Iluvien is a nonbioerodable implant that releases a low dose (0.20 ug/day) of steroid into the vitreous for 36 months. This implant gained FDA approval in 2014 for the treatment of DME following efficacy results in the FAME study.5 Patients with persistent DME despite laser treatment were randomized to a low-dose (0.20 ug/day) insert, high-dose (0.50 ug/day) insert, or sham. The primary endpoint was the percentage of patients with improvement in 15 or more letters at 2 years. The treatment groups demonstrated this outcome in 28% of patients compared with 16% in the sham group (P = .002).

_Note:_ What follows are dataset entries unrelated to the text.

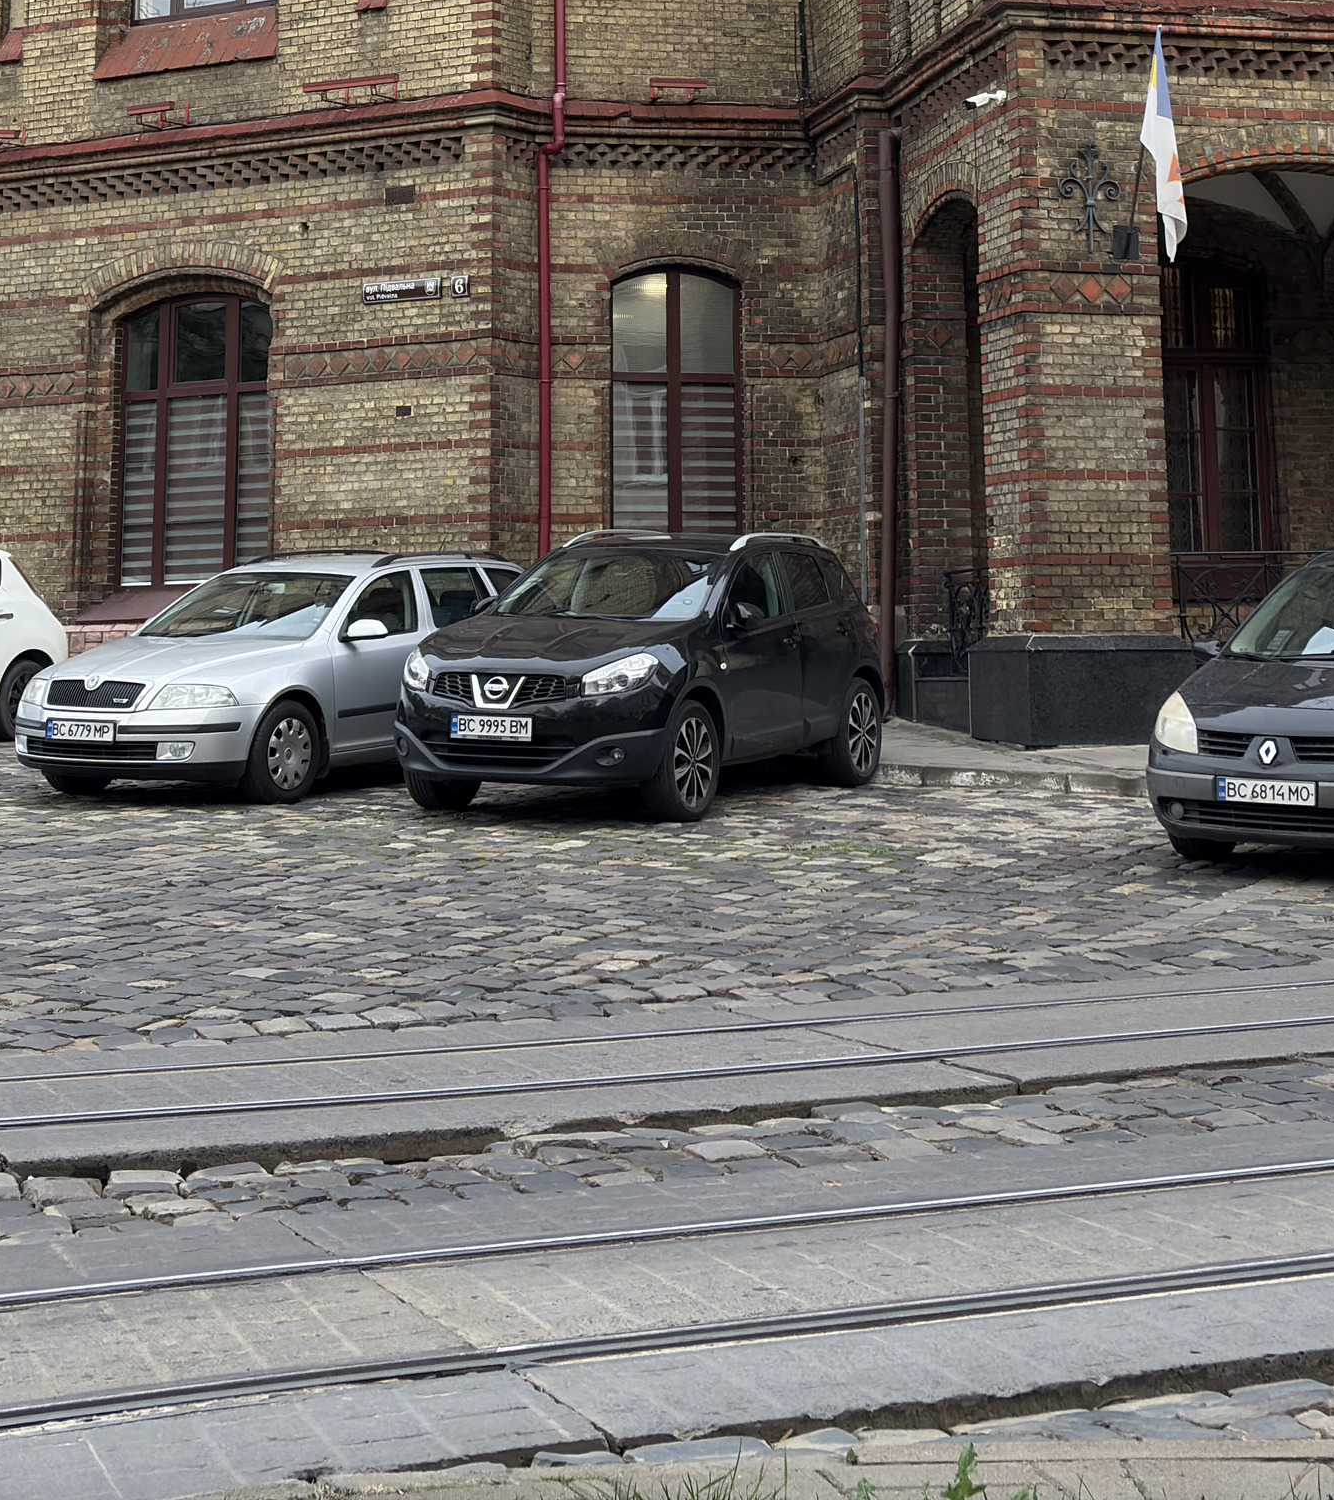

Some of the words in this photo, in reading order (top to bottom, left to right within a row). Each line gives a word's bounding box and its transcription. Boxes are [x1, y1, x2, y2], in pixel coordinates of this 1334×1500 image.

[365, 285, 379, 294] вул.
[380, 282, 415, 292] Підвальна
[454, 278, 464, 293] 6
[52, 723, 66, 737] BC
[67, 723, 92, 738] 6779
[93, 724, 110, 738] MP
[458, 718, 475, 732] BC
[478, 718, 507, 733] 9995
[509, 719, 528, 734] BM
[1227, 782, 1247, 798] BC
[1251, 783, 1285, 801] 6814
[1288, 785, 1310, 802] MO

The implants also showed a rapid and sustained reduction in the central subfield thickness compared with sham. As with other steroid implants, cataracts and elevated IOP were the most common adverse events. Of patients who received the low-dose insert (the one that is currently available) in the FAME study, 3.7% required incisional glaucoma surgery.

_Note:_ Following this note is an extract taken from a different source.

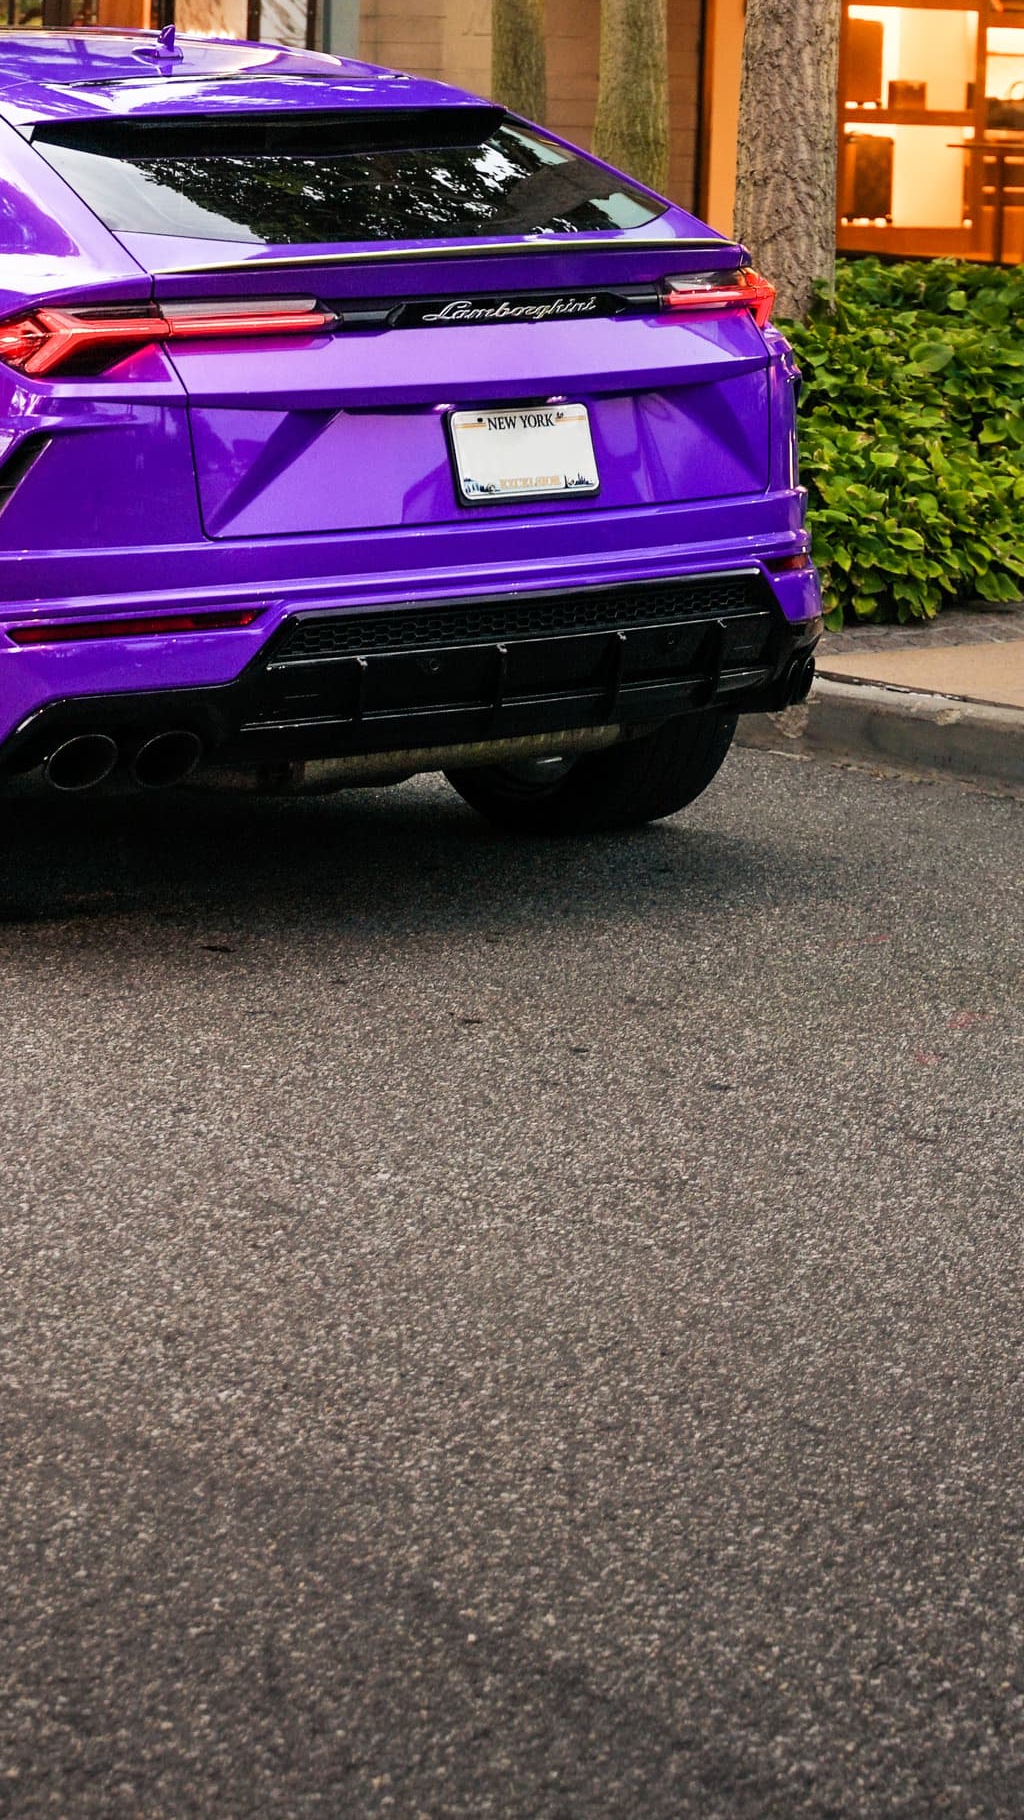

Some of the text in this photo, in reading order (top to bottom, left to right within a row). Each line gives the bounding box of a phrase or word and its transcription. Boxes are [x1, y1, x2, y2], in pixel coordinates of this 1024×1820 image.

[422, 296, 598, 322] Lamborghini
[487, 413, 555, 431] NEW YORK

A retrospective, real-world study of Iluvien noted that following the implant, 63% of eyes did not require additional DME treatments up to month 24. Rates of incisional glaucoma surgery were lower than what was reported in the FAME study, and patients who lacked a significant IOP elevation with prior steroid use were unlikely to demonstrate an IOP spike following the implant.

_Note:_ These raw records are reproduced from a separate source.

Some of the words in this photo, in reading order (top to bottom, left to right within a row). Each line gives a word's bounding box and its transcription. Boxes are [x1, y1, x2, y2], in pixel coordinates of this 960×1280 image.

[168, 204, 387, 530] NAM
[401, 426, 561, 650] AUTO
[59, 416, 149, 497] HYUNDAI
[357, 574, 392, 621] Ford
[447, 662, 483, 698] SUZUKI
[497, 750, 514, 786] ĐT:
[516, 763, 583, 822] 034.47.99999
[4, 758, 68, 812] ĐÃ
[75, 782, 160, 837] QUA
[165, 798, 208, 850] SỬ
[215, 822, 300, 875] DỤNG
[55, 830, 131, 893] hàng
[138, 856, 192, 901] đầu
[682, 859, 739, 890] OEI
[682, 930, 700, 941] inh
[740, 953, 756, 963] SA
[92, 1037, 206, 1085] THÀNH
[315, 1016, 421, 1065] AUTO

The other nonbioerodable intravitreal fluocinolone acetonide implant, Yutiq, is FDA-approved for the treatment of noninfectious posterior uveitis and is also designed to slowly release the drug over 36 months. Two multicenter, randomized controlled trials assessing response over 36 months demonstrated significantly lower uveitis recurrence rates compared with sham (65.5% vs 97.6%; P < .001).7 More eyes in the treatment group had a greater than 15-letter increase and improved macular edema compared with sham, and IOP was similar for both study groups at month 36.

CONCLUSION

All long-acting steroid implants require careful patient selection to mitigate the risk of elevated IOP or cataracts. With the right patient selection and careful monitoring, the implants remain valuable tools in treating various retinal diseases due to their high efficacy and durability.

1. Yeh S, Khurana RN, Shah M, et al. Efficacy and safety of suprachoroidal CLS-TA for macular edema secondary to noninfectious uveitis: phase 3 randomized trial. Ophthalmology. 2020;127(7):948-955.

2. Boyer DS, Yoon YH, Belfort R, et al. Three-year, randomized, sham-controlled trial of dexamethasone intravitreal implant in patients with diabetic macular edema. Ophthalmology. 2014;121(10):1904-1914.

3. Haller JA, Bandello F, Belfort R, et al. Randomized, sham-controlled trial of dexamethasone intravitreal implant in patients with macular edema due to retinal vein occlusion. Ophthalmology. 2010;117(6):1134-1146.e3.

4. Lowder C, Belfort R, Lightman S, et al. Dexamethasone intravitreal implant for noninfectious intermediate or posterior uveitis. Arch Ophthalmol. 2011;129(5):545-553.

5. Campochiaro PA, Brown DM, Pearson A, et al. Long-term benefit of sustained-delivery fluocinolone acetonide vitreous inserts for diabetic macular edema. Ophthalmology. 2011;118(4):626-635.e2.

6. Eaton A, Koh SS, Jimenez J, Riemann CD. The user study: a chart review of patients receiving a 0.2 µg/day fluocinolone acetonide implant for diabetic macular edema. Ophthalmol Ther. 2019;8(1):51-62.

7. Jaffe GJ, Pavesio CE, Study Investigators. Effect of a fluocinolone acetonide insert on recurrence rates in noninfectious intermediate, posterior, or panuveitis: three-year results. Ophthalmology. 2020;127(10):1395-1404.

8. Writing Committee for the Multicenter Uveitis Steroid Treatment (MUST) Trial and Follow-up Study Research Group, Kempen JH, Altaweel MM, et al. Association between long-lasting intravitreous fluocinolone acetonide implant vs systemic anti-inflammatory therapy and visual acuity at 7 years among patients with intermediate, posterior, or panuveitis. JAMA. 2017;317(19):1993-2005.